Investigative photojournalist Marc Vallée, who was one of the guest speakers at the Campaign for Press and Broadcasting Freedom’s AGM on Saturday 26 June and videographer Jason Parkinson have received an apology and damages from the Metropolitan Police after being forcibly prevented from working by officers at a political protest outside the Greek Embassy in 2008. At the meeting Marc gave the background to the case and explained the importance of the police climb down for journalism and the rights for photographers. Writing on the Guardian web site on the same day, Olly Zanette made the important point that the Met’s apology to the journalists was only of value if it acted upon it.

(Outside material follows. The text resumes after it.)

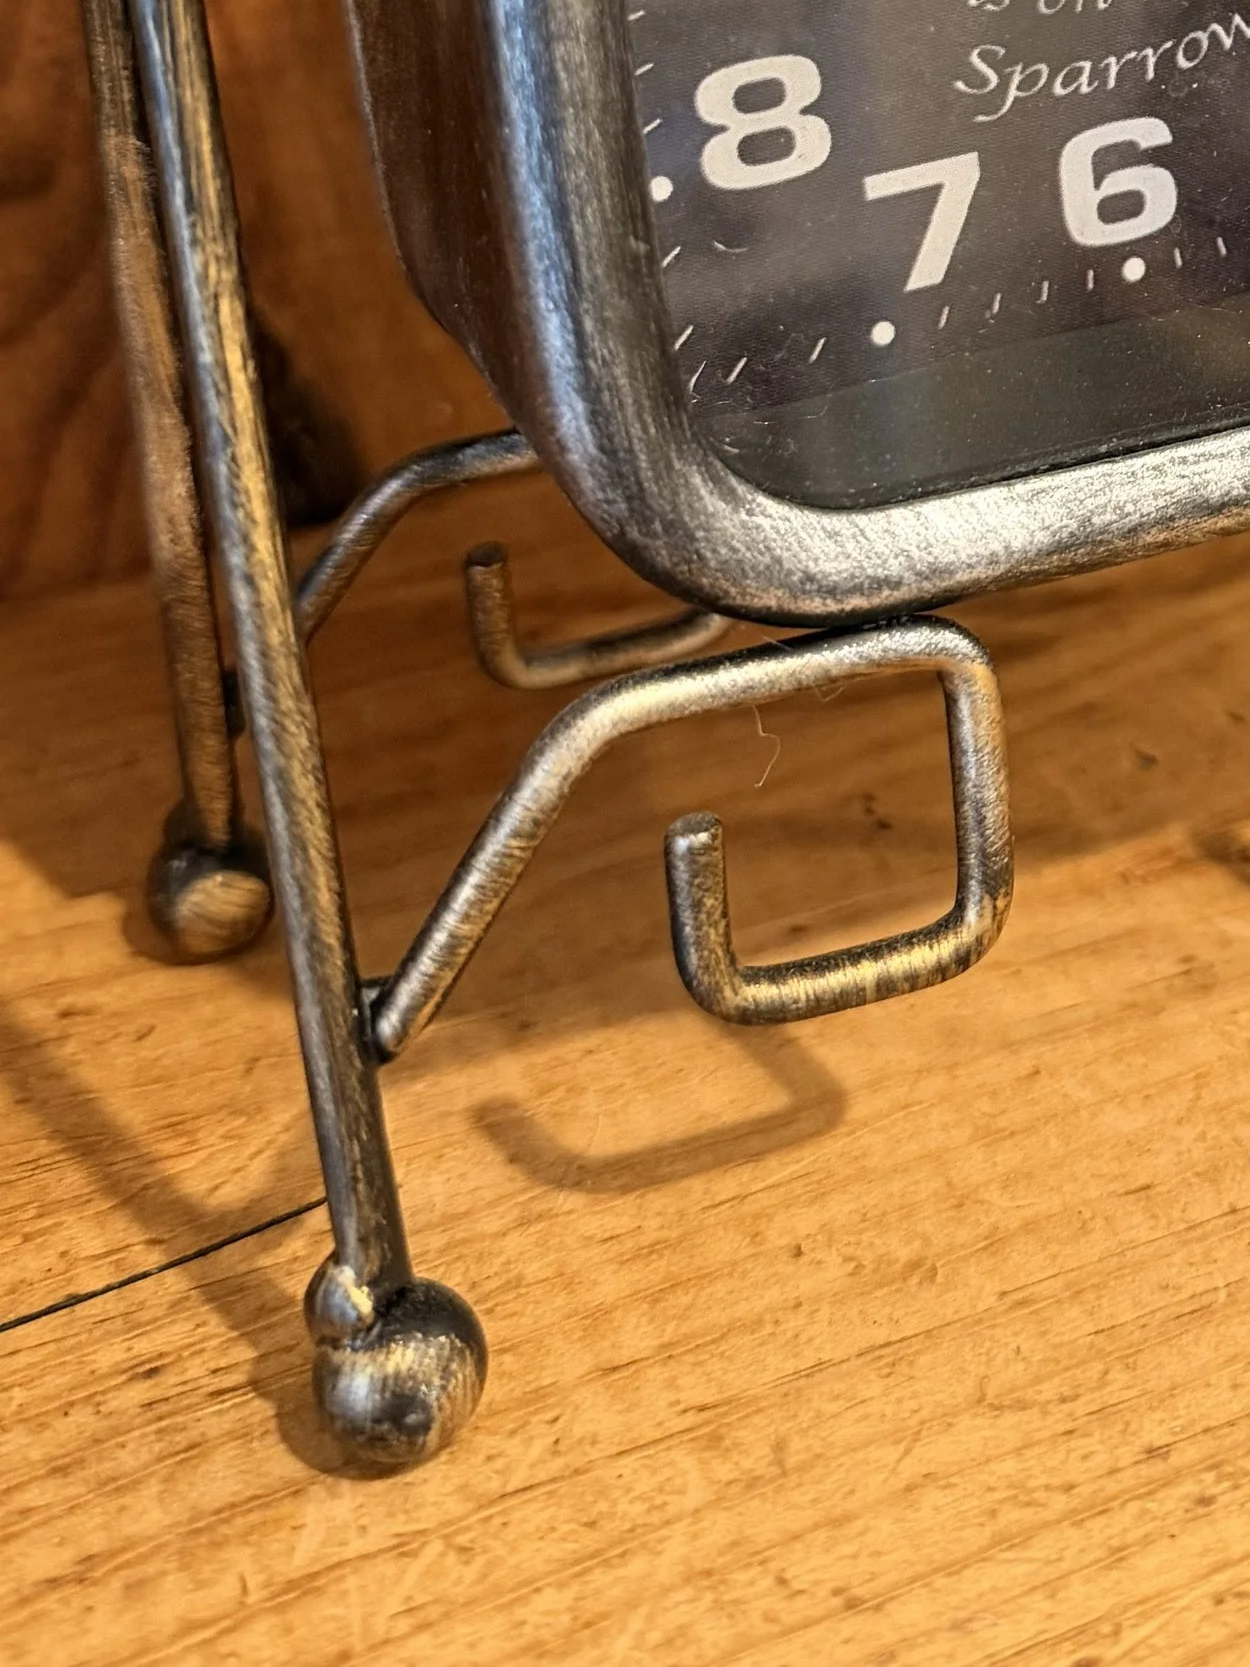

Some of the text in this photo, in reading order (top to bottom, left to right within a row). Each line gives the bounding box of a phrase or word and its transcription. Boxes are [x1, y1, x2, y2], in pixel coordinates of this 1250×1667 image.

[693, 53, 833, 191] 8
[1058, 115, 1179, 248] 6
[862, 151, 980, 293] 7

He continued; ‘Police said they failed to respect press freedom by obstructing Marc Vallée and Jason Parkinson. Let’s hope this isn’t lip service. Once again, the Metropolitan police have been forced to apologise and accept liability for the actions of one of their officers. It’s an embarrassing climb-down for the force, which could have very positive implications for press freedom in the UK, especially for journalists whose work is to cover political protest and dissent…’
Both NUJ members received the apology on Friday 25 June:
The Metropolitan Police Service (MPS) has accepted liability for breach of Article 10 of the European Convention on Human Rights. The MPS apologise for this and have paid compensation. The MPS confirms its recognition that freedom of the press is a cornerstone of democracy and that journalists have a right to report freely. The MPS recognise that on 8 December 2008 they failed to respect press freedom in respect of Mr. Vallée and Mr. Parkinson.
The police have accepted liability for breaching Article 10 and made a payment of £3,500 compensation to each and are paying their legal costs. Responding to the settlement Jeremy Dear, NUJ General Secretary said: “Professional journalists and photographers have detailed numerous attempts by police officers to stifle the reporting of protests.
Today we have achieved a significant victory – it is right that the police admit liability, apologise and compensate those whose basic human rights were breached in such a blatant and aggressive manner.
“The police need to quickly learn the lessons of these shameful events, recognise the importance of media freedom and take the necessary steps to recognise the press card during police training to ensure it doesn’t happen again. The result is a huge boost for media freedom and the rights of photographers”.
On the day of the protest armed officer from the Metropolitan police’s diplomatic protection group pulled Vallée’s camera away from his face and covered the lens of Parkinson’s video camera whilst stating “you cannot film me.”